#### YOUR INSTRUCTIONS
All of the entries below are to be repeated word for word.

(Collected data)
• • • •

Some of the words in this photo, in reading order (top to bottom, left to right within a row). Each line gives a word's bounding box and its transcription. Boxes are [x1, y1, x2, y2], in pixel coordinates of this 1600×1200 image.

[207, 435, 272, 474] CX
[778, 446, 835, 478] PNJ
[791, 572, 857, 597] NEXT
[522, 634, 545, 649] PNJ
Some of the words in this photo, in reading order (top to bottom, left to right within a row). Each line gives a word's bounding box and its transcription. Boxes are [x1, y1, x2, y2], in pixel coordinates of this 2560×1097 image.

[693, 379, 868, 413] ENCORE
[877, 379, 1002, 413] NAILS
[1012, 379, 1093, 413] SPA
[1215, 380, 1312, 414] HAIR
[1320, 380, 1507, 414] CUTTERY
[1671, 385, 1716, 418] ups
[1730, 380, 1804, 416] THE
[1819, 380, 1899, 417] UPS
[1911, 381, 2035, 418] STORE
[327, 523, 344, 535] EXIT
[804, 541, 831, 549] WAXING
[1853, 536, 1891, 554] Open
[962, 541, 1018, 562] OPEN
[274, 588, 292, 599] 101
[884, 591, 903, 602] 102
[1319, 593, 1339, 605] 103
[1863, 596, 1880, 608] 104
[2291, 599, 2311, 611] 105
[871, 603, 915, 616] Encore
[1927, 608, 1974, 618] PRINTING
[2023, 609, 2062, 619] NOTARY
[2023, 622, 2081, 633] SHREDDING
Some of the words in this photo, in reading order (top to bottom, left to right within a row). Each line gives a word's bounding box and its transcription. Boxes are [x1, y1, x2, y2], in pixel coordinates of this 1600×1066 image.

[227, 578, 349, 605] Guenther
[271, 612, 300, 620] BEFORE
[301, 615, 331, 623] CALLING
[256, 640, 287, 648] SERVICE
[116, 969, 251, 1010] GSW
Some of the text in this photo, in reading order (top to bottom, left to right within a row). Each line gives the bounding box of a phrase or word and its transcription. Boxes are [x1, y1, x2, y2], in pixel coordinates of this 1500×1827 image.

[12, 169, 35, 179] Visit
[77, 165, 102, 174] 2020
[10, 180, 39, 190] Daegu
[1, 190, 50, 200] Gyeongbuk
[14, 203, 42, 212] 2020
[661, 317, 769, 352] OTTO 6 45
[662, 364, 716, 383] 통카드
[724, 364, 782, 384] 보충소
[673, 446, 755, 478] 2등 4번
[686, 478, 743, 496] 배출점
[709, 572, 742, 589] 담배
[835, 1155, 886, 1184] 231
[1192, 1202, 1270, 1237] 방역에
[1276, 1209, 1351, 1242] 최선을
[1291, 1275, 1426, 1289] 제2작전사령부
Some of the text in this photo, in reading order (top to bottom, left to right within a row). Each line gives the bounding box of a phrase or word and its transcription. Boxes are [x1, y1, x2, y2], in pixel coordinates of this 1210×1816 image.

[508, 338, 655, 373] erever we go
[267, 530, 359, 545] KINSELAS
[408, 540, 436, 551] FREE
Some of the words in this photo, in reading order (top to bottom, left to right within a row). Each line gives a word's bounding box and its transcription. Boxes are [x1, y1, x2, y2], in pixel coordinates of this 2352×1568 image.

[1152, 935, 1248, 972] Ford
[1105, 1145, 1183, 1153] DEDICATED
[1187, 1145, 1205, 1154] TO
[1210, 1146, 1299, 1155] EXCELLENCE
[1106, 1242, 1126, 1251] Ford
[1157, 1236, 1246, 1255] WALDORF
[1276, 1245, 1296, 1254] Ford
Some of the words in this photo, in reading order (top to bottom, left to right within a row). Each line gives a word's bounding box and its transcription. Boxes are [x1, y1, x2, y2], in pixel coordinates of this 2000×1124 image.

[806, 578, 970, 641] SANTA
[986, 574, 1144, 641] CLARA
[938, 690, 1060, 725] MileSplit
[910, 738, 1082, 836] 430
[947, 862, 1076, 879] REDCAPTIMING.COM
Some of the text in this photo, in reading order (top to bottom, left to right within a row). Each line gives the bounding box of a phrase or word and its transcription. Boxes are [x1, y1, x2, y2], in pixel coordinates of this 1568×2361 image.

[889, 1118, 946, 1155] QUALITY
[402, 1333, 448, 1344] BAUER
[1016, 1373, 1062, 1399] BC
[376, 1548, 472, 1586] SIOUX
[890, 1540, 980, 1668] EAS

• • • •

#### RESPONSE BELOW
Some of the words in this photo, in reading order (top to bottom, left to right within a row). Each line gives a word's bounding box and its transcription. Boxes are [x1, y1, x2, y2], in pixel coordinates of this 1600×1200 image.

[207, 435, 272, 474] CX
[778, 446, 835, 478] PNJ
[791, 572, 857, 597] NEXT
[522, 634, 545, 649] PNJ
Some of the words in this photo, in reading order (top to bottom, left to right within a row). Each line gives a word's bounding box and its transcription. Boxes are [x1, y1, x2, y2], in pixel coordinates of this 2560×1097 image.

[693, 379, 868, 413] ENCORE
[877, 379, 1002, 413] NAILS
[1012, 379, 1093, 413] SPA
[1215, 380, 1312, 414] HAIR
[1320, 380, 1507, 414] CUTTERY
[1671, 385, 1716, 418] ups
[1730, 380, 1804, 416] THE
[1819, 380, 1899, 417] UPS
[1911, 381, 2035, 418] STORE
[327, 523, 344, 535] EXIT
[804, 541, 831, 549] WAXING
[1853, 536, 1891, 554] Open
[962, 541, 1018, 562] OPEN
[274, 588, 292, 599] 101
[884, 591, 903, 602] 102
[1319, 593, 1339, 605] 103
[1863, 596, 1880, 608] 104
[2291, 599, 2311, 611] 105
[871, 603, 915, 616] Encore
[1927, 608, 1974, 618] PRINTING
[2023, 609, 2062, 619] NOTARY
[2023, 622, 2081, 633] SHREDDING
Some of the words in this photo, in reading order (top to bottom, left to right within a row). Each line gives a word's bounding box and its transcription. Boxes are [x1, y1, x2, y2], in pixel coordinates of this 1600×1066 image.

[227, 578, 349, 605] Guenther
[271, 612, 300, 620] BEFORE
[301, 615, 331, 623] CALLING
[256, 640, 287, 648] SERVICE
[116, 969, 251, 1010] GSW
Some of the text in this photo, in reading order (top to bottom, left to right within a row). Each line gives the bounding box of a phrase or word and its transcription. Boxes are [x1, y1, x2, y2], in pixel coordinates of this 1500×1827 image.

[12, 169, 35, 179] Visit
[77, 165, 102, 174] 2020
[10, 180, 39, 190] Daegu
[1, 190, 50, 200] Gyeongbuk
[14, 203, 42, 212] 2020
[661, 317, 769, 352] OTTO 6 45
[662, 364, 716, 383] 통카드
[724, 364, 782, 384] 보충소
[673, 446, 755, 478] 2등 4번
[686, 478, 743, 496] 배출점
[709, 572, 742, 589] 담배
[835, 1155, 886, 1184] 231
[1192, 1202, 1270, 1237] 방역에
[1276, 1209, 1351, 1242] 최선을
[1291, 1275, 1426, 1289] 제2작전사령부
Some of the text in this photo, in reading order (top to bottom, left to right within a row). Each line gives the bounding box of a phrase or word and its transcription. Boxes are [x1, y1, x2, y2], in pixel coordinates of this 1210×1816 image.

[508, 338, 655, 373] erever we go
[267, 530, 359, 545] KINSELAS
[408, 540, 436, 551] FREE
Some of the words in this photo, in reading order (top to bottom, left to right within a row). Each line gives a word's bounding box and its transcription. Boxes are [x1, y1, x2, y2], in pixel coordinates of this 2352×1568 image.

[1152, 935, 1248, 972] Ford
[1105, 1145, 1183, 1153] DEDICATED
[1187, 1145, 1205, 1154] TO
[1210, 1146, 1299, 1155] EXCELLENCE
[1106, 1242, 1126, 1251] Ford
[1157, 1236, 1246, 1255] WALDORF
[1276, 1245, 1296, 1254] Ford
Some of the words in this photo, in reading order (top to bottom, left to right within a row). Each line gives a word's bounding box and its transcription. Boxes are [x1, y1, x2, y2], in pixel coordinates of this 2000×1124 image.

[806, 578, 970, 641] SANTA
[986, 574, 1144, 641] CLARA
[938, 690, 1060, 725] MileSplit
[910, 738, 1082, 836] 430
[947, 862, 1076, 879] REDCAPTIMING.COM
Some of the text in this photo, in reading order (top to bottom, left to right within a row). Each line gives the bounding box of a phrase or word and its transcription. Boxes are [x1, y1, x2, y2], in pixel coordinates of this 1568×2361 image.

[889, 1118, 946, 1155] QUALITY
[402, 1333, 448, 1344] BAUER
[1016, 1373, 1062, 1399] BC
[376, 1548, 472, 1586] SIOUX
[890, 1540, 980, 1668] EAS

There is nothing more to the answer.